◆ **What you should do**
Each line below must be set down exactly as it stands.

[Records excerpted from a collection]
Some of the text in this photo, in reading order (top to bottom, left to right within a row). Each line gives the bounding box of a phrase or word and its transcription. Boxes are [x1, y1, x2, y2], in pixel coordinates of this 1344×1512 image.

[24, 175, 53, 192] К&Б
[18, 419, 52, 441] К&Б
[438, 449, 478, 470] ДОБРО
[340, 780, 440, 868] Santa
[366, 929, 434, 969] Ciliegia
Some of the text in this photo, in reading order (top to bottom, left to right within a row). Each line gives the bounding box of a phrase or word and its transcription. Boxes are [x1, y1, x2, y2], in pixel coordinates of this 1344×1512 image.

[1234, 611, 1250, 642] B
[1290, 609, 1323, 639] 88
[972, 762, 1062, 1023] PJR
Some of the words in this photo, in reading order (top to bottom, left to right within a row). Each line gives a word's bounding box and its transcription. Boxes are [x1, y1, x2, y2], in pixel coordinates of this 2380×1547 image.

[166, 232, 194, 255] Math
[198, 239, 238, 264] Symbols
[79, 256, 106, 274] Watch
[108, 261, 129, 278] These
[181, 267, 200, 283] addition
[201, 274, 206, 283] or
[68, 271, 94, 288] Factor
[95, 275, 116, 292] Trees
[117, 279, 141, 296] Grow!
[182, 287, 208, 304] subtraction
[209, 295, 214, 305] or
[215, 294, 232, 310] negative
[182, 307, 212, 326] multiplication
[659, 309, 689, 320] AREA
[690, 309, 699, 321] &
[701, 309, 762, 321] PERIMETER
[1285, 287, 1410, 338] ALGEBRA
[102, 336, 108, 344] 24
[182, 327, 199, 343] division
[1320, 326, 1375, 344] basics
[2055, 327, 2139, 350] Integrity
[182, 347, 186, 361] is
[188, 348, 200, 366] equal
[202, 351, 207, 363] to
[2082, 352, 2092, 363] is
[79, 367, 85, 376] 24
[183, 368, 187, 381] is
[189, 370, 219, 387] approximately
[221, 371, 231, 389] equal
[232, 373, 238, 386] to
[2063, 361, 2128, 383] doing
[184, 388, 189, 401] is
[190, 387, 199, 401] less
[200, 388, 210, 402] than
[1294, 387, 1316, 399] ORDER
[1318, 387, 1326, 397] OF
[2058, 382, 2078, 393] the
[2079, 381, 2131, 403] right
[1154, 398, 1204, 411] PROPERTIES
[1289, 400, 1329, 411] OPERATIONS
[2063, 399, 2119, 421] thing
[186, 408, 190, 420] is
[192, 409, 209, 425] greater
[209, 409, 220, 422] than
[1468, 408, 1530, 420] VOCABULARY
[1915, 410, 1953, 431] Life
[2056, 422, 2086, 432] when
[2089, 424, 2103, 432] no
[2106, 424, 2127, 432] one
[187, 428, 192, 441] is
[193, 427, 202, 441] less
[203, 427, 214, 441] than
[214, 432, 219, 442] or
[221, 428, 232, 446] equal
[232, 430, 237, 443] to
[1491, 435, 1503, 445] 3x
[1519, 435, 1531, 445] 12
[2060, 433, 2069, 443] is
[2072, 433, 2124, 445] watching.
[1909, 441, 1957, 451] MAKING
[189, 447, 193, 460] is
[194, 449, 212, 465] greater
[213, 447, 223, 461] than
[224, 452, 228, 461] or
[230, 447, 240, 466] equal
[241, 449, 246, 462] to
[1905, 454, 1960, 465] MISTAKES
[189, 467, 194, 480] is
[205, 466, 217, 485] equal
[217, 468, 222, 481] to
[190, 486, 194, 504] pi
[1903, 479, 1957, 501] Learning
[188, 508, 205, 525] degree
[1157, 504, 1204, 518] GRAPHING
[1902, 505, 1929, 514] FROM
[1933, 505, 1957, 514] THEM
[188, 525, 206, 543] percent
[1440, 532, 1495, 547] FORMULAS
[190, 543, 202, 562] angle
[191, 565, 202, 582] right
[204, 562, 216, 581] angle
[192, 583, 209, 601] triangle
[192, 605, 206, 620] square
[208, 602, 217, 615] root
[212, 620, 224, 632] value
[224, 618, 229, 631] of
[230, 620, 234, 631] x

◆ **Task result**
Some of the text in this photo, in reading order (top to bottom, left to right within a row). Each line gives the bounding box of a phrase or word and its transcription. Boxes are [x1, y1, x2, y2], in pixel coordinates of this 1344×1512 image.

[24, 175, 53, 192] К&Б
[18, 419, 52, 441] К&Б
[438, 449, 478, 470] ДОБРО
[340, 780, 440, 868] Santa
[366, 929, 434, 969] Ciliegia
Some of the text in this photo, in reading order (top to bottom, left to right within a row). Each line gives the bounding box of a phrase or word and its transcription. Boxes are [x1, y1, x2, y2], in pixel coordinates of this 1344×1512 image.

[1234, 611, 1250, 642] B
[1290, 609, 1323, 639] 88
[972, 762, 1062, 1023] PJR
Some of the words in this photo, in reading order (top to bottom, left to right within a row). Each line gives a word's bounding box and its transcription. Boxes are [x1, y1, x2, y2], in pixel coordinates of this 2380×1547 image.

[166, 232, 194, 255] Math
[198, 239, 238, 264] Symbols
[79, 256, 106, 274] Watch
[108, 261, 129, 278] These
[181, 267, 200, 283] addition
[201, 274, 206, 283] or
[68, 271, 94, 288] Factor
[95, 275, 116, 292] Trees
[117, 279, 141, 296] Grow!
[182, 287, 208, 304] subtraction
[209, 295, 214, 305] or
[215, 294, 232, 310] negative
[182, 307, 212, 326] multiplication
[659, 309, 689, 320] AREA
[690, 309, 699, 321] &
[701, 309, 762, 321] PERIMETER
[1285, 287, 1410, 338] ALGEBRA
[102, 336, 108, 344] 24
[182, 327, 199, 343] division
[1320, 326, 1375, 344] basics
[2055, 327, 2139, 350] Integrity
[182, 347, 186, 361] is
[188, 348, 200, 366] equal
[202, 351, 207, 363] to
[2082, 352, 2092, 363] is
[79, 367, 85, 376] 24
[183, 368, 187, 381] is
[189, 370, 219, 387] approximately
[221, 371, 231, 389] equal
[232, 373, 238, 386] to
[2063, 361, 2128, 383] doing
[184, 388, 189, 401] is
[190, 387, 199, 401] less
[200, 388, 210, 402] than
[1294, 387, 1316, 399] ORDER
[1318, 387, 1326, 397] OF
[2058, 382, 2078, 393] the
[2079, 381, 2131, 403] right
[1154, 398, 1204, 411] PROPERTIES
[1289, 400, 1329, 411] OPERATIONS
[2063, 399, 2119, 421] thing
[186, 408, 190, 420] is
[192, 409, 209, 425] greater
[209, 409, 220, 422] than
[1468, 408, 1530, 420] VOCABULARY
[1915, 410, 1953, 431] Life
[2056, 422, 2086, 432] when
[2089, 424, 2103, 432] no
[2106, 424, 2127, 432] one
[187, 428, 192, 441] is
[193, 427, 202, 441] less
[203, 427, 214, 441] than
[214, 432, 219, 442] or
[221, 428, 232, 446] equal
[232, 430, 237, 443] to
[1491, 435, 1503, 445] 3x
[1519, 435, 1531, 445] 12
[2060, 433, 2069, 443] is
[2072, 433, 2124, 445] watching.
[1909, 441, 1957, 451] MAKING
[189, 447, 193, 460] is
[194, 449, 212, 465] greater
[213, 447, 223, 461] than
[224, 452, 228, 461] or
[230, 447, 240, 466] equal
[241, 449, 246, 462] to
[1905, 454, 1960, 465] MISTAKES
[189, 467, 194, 480] is
[205, 466, 217, 485] equal
[217, 468, 222, 481] to
[190, 486, 194, 504] pi
[1903, 479, 1957, 501] Learning
[188, 508, 205, 525] degree
[1157, 504, 1204, 518] GRAPHING
[1902, 505, 1929, 514] FROM
[1933, 505, 1957, 514] THEM
[188, 525, 206, 543] percent
[1440, 532, 1495, 547] FORMULAS
[190, 543, 202, 562] angle
[191, 565, 202, 582] right
[204, 562, 216, 581] angle
[192, 583, 209, 601] triangle
[192, 605, 206, 620] square
[208, 602, 217, 615] root
[212, 620, 224, 632] value
[224, 618, 229, 631] of
[230, 620, 234, 631] x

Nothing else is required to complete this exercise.